My Best Fiend In Ghostlike Fading
(Warp)Initially My Best Fiend is just another forgettable Brooklyn indie band to be described with words such as “dreamy” and “hypnotic”; thankfully, they are capable of showing genuine emotion and warm melodies that can stand up repeated listens, showing that the strengths of My Best Fiend exist in the songs themselves, not the atmosphere. That is not to say that their debut, In Ghostlike Fading lacks an alluring atmosphere; on the contrary, the ethereal keyboard lines and the chemistry between the two guitars are able to trap a listener within the album right from the start, and it rarely lets you stray too far from the music.
The first two tracks are fairly standard fare: The beginning is, yes, dreamy, in tone, but contains a texture that is surprisingly lucid; the chorus is bigger and slightly explosive, and the bridge is, first and foremost, an opportunity for a guitar solo, not a spacey display of white-noise or layers of instruments. Indeed, My Best Fiend’s fondness of classic rock shows itself more prominently than any contemporary influences in song structures, and it persists through most of the album, including the highlights. But still, the band’s ability to contrast acoustic or low-gain, clean guitars with distorted and noisy, purposeful droning is always apparent. Somewhat unsurprisingly, the biggest departure from this pattern (but also the only song to make full use of each piece of the puzzle) is also the album’s biggest success. Running at just over seven-and-a-half minutes, O.D.V.I.P. features cryptic lyrics, highlighted by an understatedly threatening claim, “Today you can borrow/but tomorrow you gotta pay,” with a crescendo of increasingly complex drum rhythms, effervescent keyboards, rollicking, melodic bass, and versatile, contrasting guitar lines to create a daring collage of melodic noise that twists and exploits expected dynamic contrasts and verse-chorus structure.
It’s unfortunate that My Best Fiend does not reach that level of confidence and courage on any other song, but O.D.V.I.P. is still only the first in a line of noteworthy tracks. One Velvet Day contains some of the best guitar work on the record, including a buried, screaming guitar solo trying to break free from entrapments that vocalist-lyricist Fred Coldwell promises won’t be present tomorrow. The mixing is not what one would expect, but for the dim-hoped plea Coldwell offers, it’s a perfect fit. Next, In Ghostlike Fading stands out for its melancholic, dreamy keyboard lines, and the most apt metaphor on the album, the title line being a perfect description of a relationship that, although you can envision it living, is, if not dead, certainly dying. Unfortunately, it’s the type of beauty that sounds like it is desperately trying to work on the album but is often unable to sustain the eerie, understated simplicity it has here. Attempts are less successful on the latter half of the album, and the only cure seems to be offsetting the attempts with an unrestrained boldness the band gives us on Cracking Eggs but nowhere else.
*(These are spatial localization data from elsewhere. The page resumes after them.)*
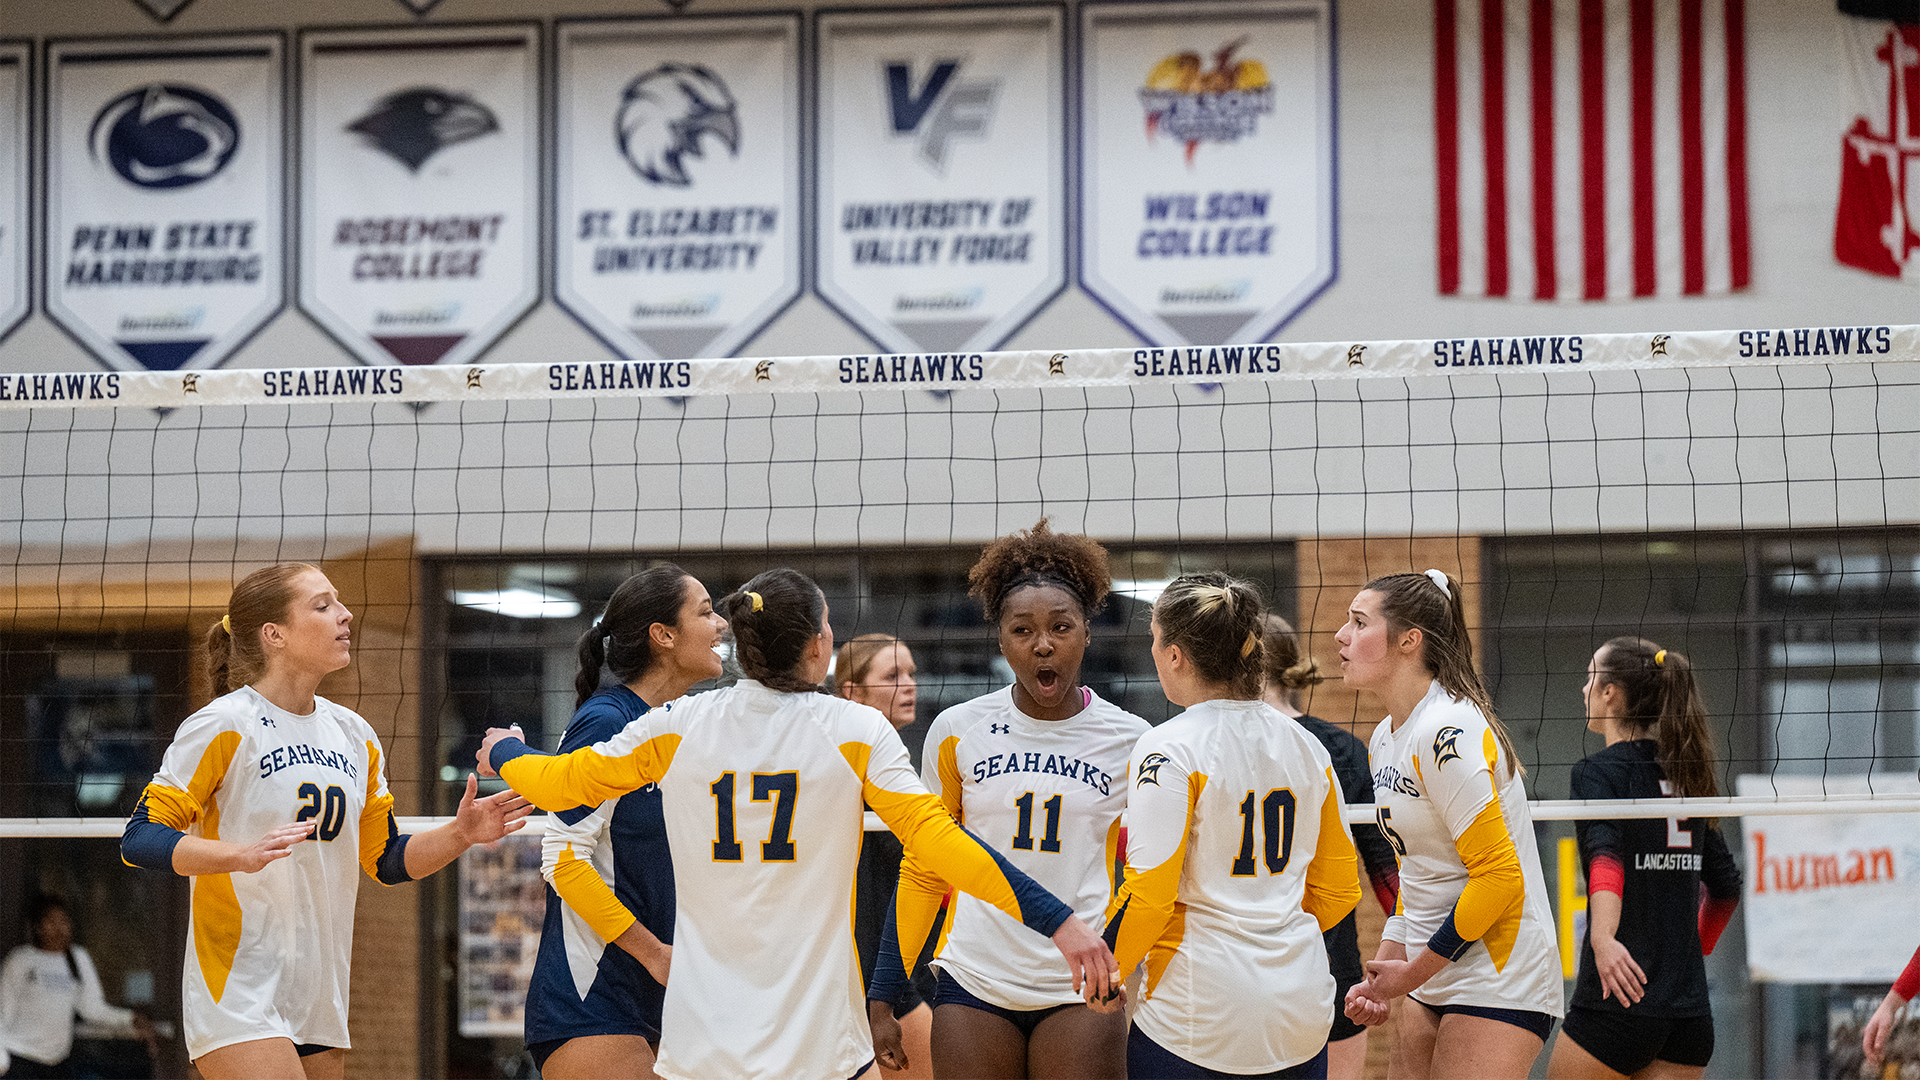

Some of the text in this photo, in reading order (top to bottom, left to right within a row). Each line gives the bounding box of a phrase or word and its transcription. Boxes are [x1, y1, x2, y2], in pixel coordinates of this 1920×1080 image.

[627, 206, 777, 238] ELIZABETH
[842, 199, 1032, 233] UNIVERSITY OF
[1146, 193, 1271, 221] WILSON
[73, 221, 256, 251] PENN STATE
[334, 215, 503, 246] ROSEMONT
[1137, 226, 1275, 258] COLLEGE
[593, 243, 763, 275] UNIVERSITY
[852, 233, 1032, 266] VALLEY FORGE
[66, 256, 262, 287] HARRISBURG
[352, 251, 485, 282] COLLEGE
[1434, 336, 1583, 368] SEAHAWKS
[1739, 327, 1891, 358] SEAHAWKS
[549, 362, 691, 391] SEAHAWKS
[839, 355, 984, 384] SEAHAWKS
[1134, 346, 1281, 377] SEAHAWKS
[0, 374, 119, 400] EAHAWKS
[263, 368, 403, 397] SEAHAWKS
[973, 752, 1112, 796] SEAHAWKS
[295, 781, 347, 843] 20
[709, 770, 800, 863] 17
[1011, 790, 1063, 854] 11
[1230, 787, 1297, 877] 10
[1635, 853, 1693, 871] LANCASTER
[1752, 829, 1894, 895] human
My Best Fiend is clearly willing to dabble in new approaches, with Cool Doves’ sustained running time resulting in a harmonica outro, and I’m Not Going Anywhere starting with a cello that inexplicably disappears just as we get interested but before it offers anything noteworthy. The experiments cannot, however, disguise the static production or the melodramatic and sentimental lyrics, whose nice imagery is few and far between. Instead, the lack of true adventure and confidence displayed in O.D.V.I.P., and, to a lesser extent, Cracking Eggs, are absent from the album. The strings are used far too sparsely, and by the end of the album, even the melodies sound a little bit tired, as if the beauty has had no chance to rest. And indeed, it hasn’t. While this is often times a good thing, when it comes in doses this large, the versatility that is hinted at but never truly displayed becomes the difference between a good album and a great one.